I am working with two Fortran modules. The first one contains a subroutine foo:
module fmod1
contains
subroutine foo(i)
implicit none
integer, intent(inout) :: i
i=i+1
end subroutine foo
end module fmod1
The second one also contains a subroutine called foo which calls the foo of the first module, renamed as foo_first:
module fmod2
use fmod1, only : foo_first => foo
contains
subroutine foo(i)
implicit none
integer, intent(inout) :: i
i=i+2
call foo_first(i)
end subroutine foo
end module fmod2
When I compile these with gfortran to get two object files and then look inside them with nm, I see the expected result:
fmod1.o:
0000000000000020 s EH_frame1
0000000000000000 T ___fmod1_MOD_foo
fmod2.o:
0000000000000030 s EH_frame1
U ___fmod1_MOD_foo
0000000000000000 T ___fmod2_MOD_foo
I then have no problem in writing a Fortran program which loads the second module and calls the foo within it (___fmod2_MOD_foo, which itself calls ___fmod1_MOD_foo).

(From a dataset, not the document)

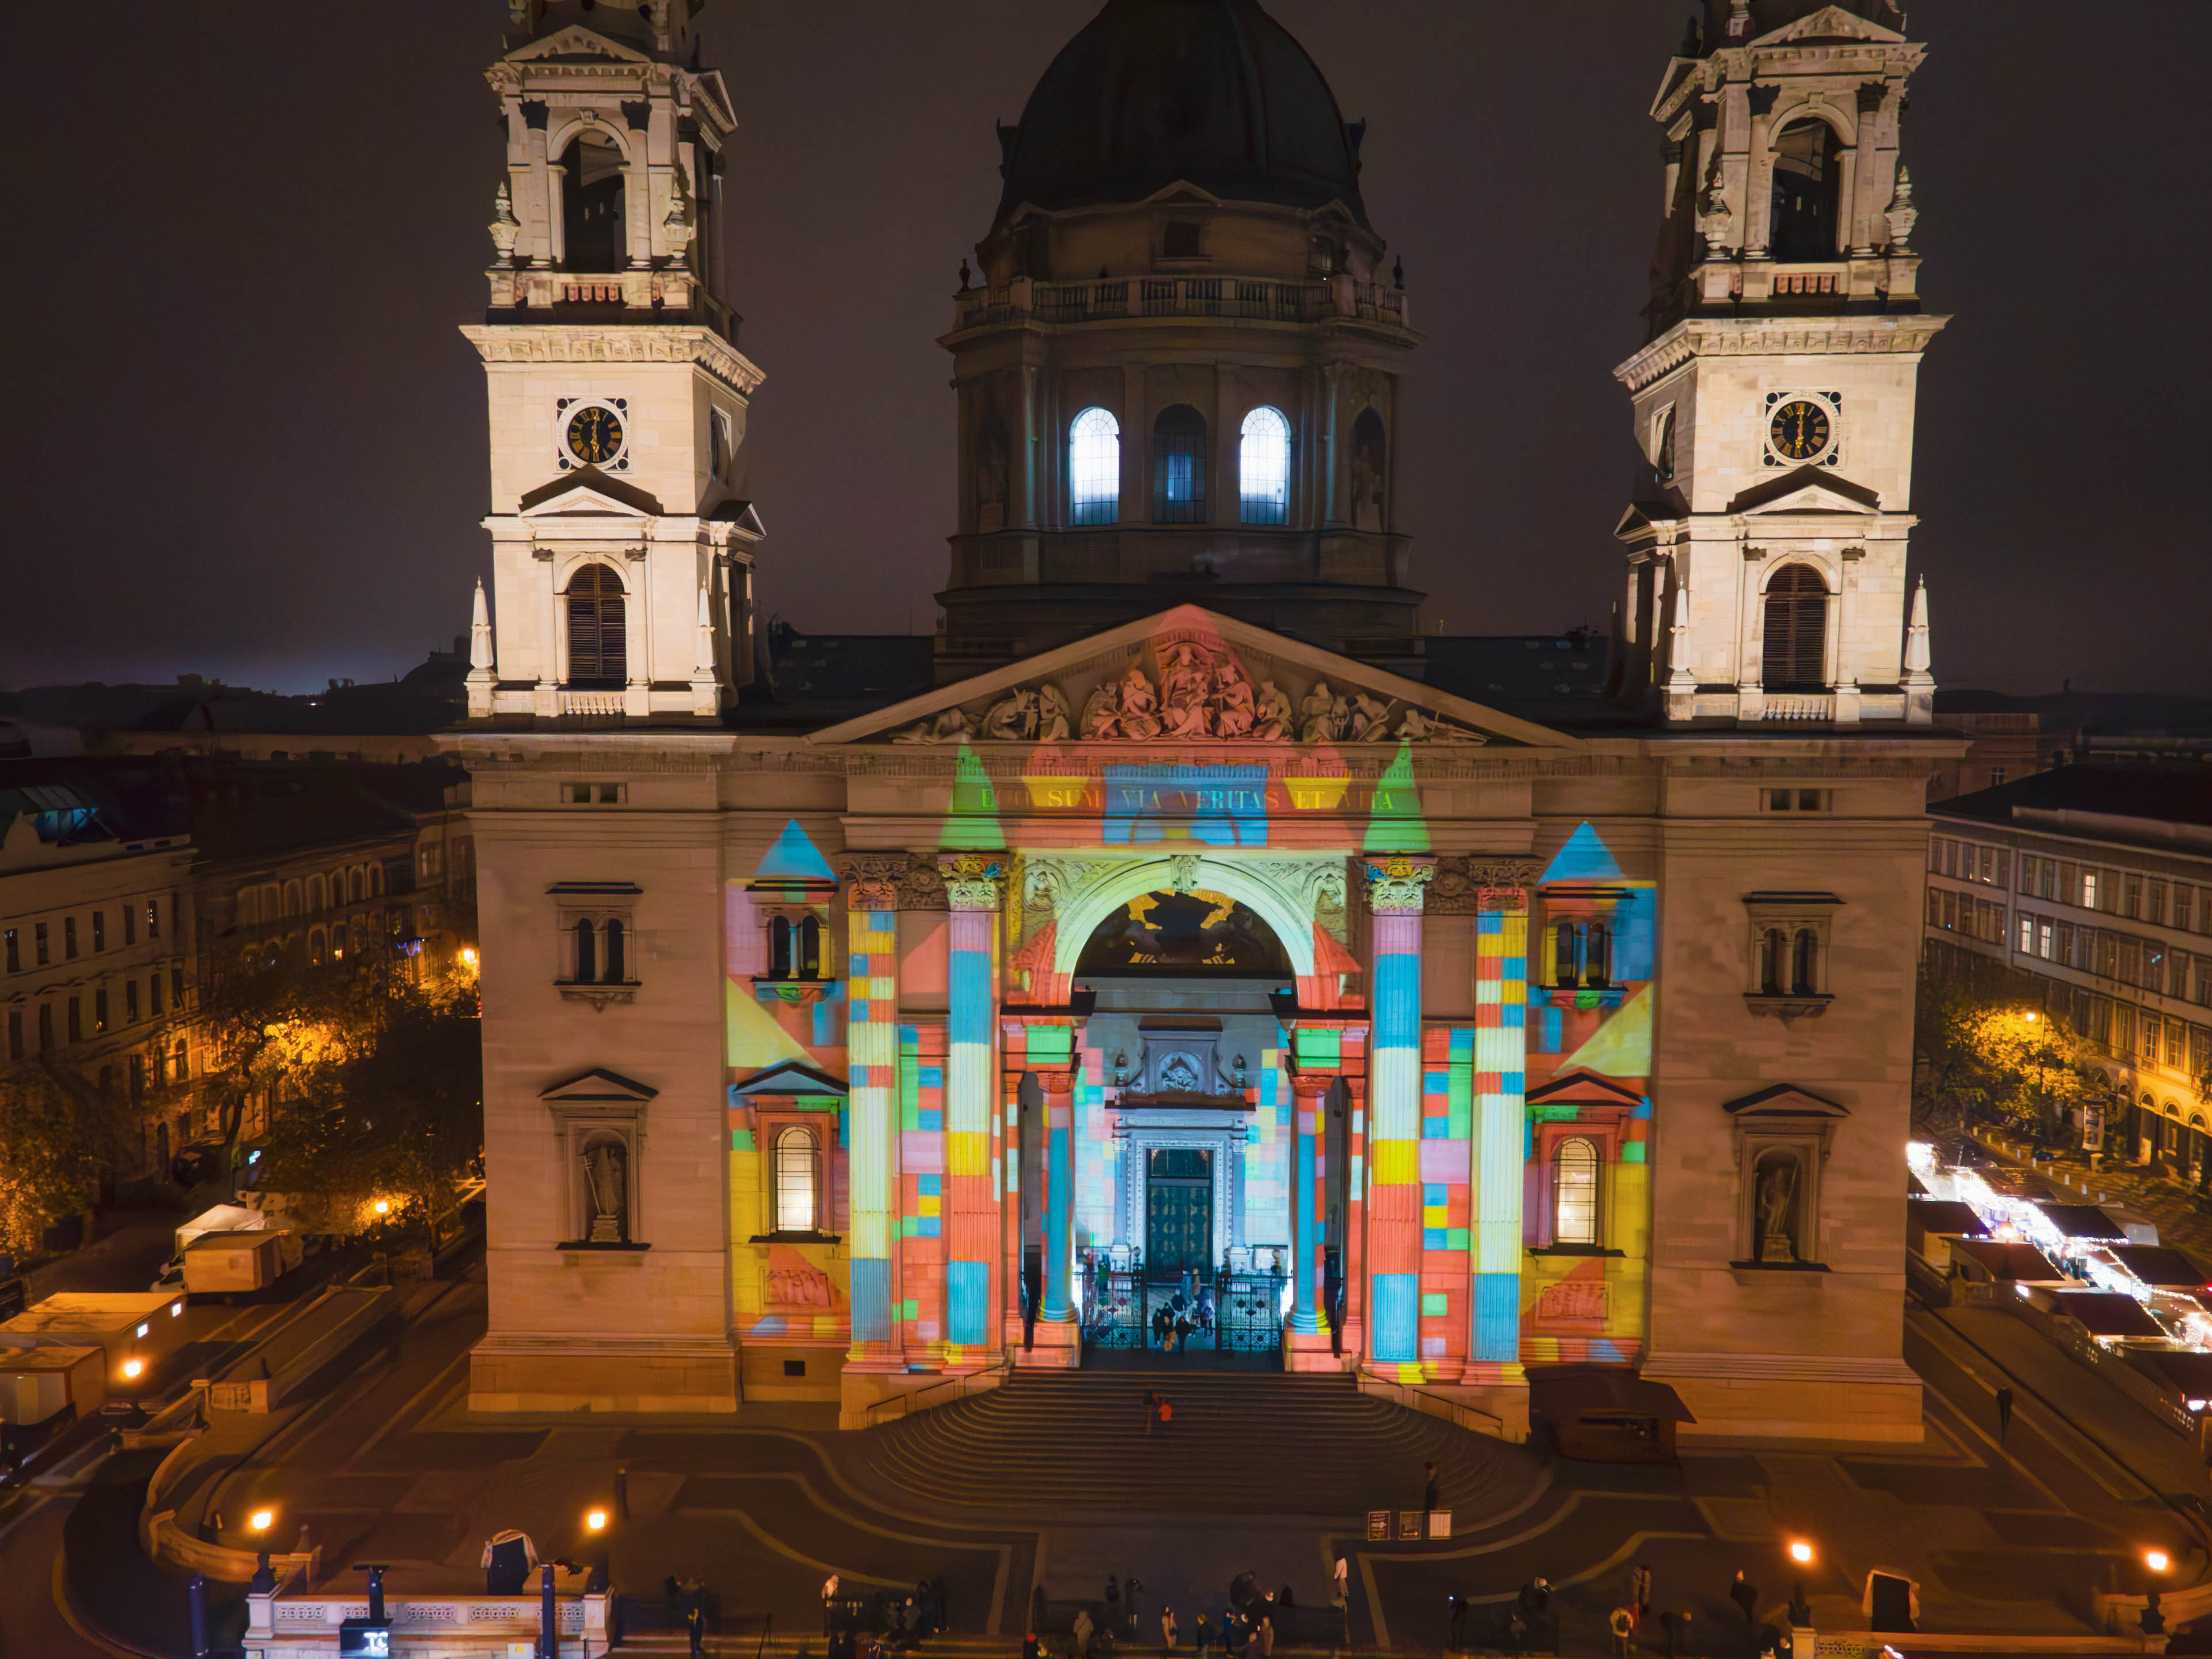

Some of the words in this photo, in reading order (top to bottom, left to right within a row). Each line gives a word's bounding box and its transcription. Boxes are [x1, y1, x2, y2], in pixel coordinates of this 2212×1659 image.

[1047, 789, 1100, 808] SUM
[1176, 790, 1279, 809] VERITAS
[1296, 790, 1324, 809] ET

My problem comes when I try to do the same thing from a C program using iso_c_binding. I change the second module by adding bind(c) to the subroutine:
module fmod2
use iso_c_binding
use fmod1, only : foo_first => foo
contains
subroutine foo(i) bind(c)
implicit none
integer, intent(inout) :: i
i=i+2
call foo_first(i)
end subroutine foo
end module fmod2
Running nm again on the object files now gives this:
fmod1.o:
0000000000000020 s EH_frame1
0000000000000000 T ___fmod1_MOD_foo
fmod2.o:
0000000000000030 s EH_frame1
0000000000000000 T _foo
i.e., the second module no longer seems to require the first module. When I try experimenting with calling foo from the second module from a C program it becomes apparent that the subroutine, instead of calling foo from the first module, is calling itself in an infinite loop.
Is this a bug, or am I doing something which I shouldn't be doing?